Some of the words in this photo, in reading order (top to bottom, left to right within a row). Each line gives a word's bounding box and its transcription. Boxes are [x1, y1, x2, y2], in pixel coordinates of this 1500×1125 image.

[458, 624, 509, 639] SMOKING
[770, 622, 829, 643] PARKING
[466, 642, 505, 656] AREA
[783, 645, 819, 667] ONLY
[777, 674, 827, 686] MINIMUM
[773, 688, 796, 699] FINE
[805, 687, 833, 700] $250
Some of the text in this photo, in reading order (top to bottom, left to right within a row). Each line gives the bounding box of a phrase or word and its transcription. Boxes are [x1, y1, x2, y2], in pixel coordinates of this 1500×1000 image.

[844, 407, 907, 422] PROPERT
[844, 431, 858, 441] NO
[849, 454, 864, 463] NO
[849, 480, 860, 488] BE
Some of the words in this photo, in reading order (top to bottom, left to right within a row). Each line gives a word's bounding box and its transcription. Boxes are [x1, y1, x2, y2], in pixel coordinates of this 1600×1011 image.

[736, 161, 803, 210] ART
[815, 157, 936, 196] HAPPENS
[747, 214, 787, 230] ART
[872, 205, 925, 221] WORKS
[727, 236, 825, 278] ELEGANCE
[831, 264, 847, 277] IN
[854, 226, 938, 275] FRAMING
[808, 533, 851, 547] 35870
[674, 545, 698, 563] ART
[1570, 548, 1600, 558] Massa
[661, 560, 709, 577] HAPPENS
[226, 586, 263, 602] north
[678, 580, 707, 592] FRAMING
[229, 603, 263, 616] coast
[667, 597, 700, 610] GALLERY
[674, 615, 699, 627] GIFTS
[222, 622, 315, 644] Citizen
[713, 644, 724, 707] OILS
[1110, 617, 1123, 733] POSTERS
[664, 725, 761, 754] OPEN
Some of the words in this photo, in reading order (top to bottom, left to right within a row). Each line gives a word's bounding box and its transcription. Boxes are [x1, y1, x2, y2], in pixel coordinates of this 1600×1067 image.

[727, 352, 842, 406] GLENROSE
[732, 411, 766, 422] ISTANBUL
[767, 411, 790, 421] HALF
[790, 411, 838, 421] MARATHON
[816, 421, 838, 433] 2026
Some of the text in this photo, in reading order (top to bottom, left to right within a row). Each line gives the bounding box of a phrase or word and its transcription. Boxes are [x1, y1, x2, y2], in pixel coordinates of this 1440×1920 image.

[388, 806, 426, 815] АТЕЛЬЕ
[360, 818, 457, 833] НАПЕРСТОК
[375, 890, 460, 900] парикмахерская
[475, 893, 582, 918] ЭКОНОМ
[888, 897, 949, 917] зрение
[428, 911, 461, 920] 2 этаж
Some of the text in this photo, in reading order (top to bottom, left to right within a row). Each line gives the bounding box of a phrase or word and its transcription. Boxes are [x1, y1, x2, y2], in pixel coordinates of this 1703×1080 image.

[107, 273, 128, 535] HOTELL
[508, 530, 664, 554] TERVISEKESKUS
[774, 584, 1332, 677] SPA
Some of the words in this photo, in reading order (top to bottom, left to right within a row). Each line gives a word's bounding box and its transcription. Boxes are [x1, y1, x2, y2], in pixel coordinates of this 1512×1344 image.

+ + + + +

### Task to complete
Print again the material above, limited to the lines from the one holding "this 1703×1080 image." through the last, inclusive.

### Task response
Some of the text in this photo, in reading order (top to bottom, left to right within a row). Each line gives the bounding box of a phrase or word and its transcription. Boxes are [x1, y1, x2, y2], in pixel coordinates of this 1703×1080 image.

[107, 273, 128, 535] HOTELL
[508, 530, 664, 554] TERVISEKESKUS
[774, 584, 1332, 677] SPA
Some of the words in this photo, in reading order (top to bottom, left to right within a row). Each line gives a word's bounding box and its transcription. Boxes are [x1, y1, x2, y2], in pixel coordinates of this 1512×1344 image.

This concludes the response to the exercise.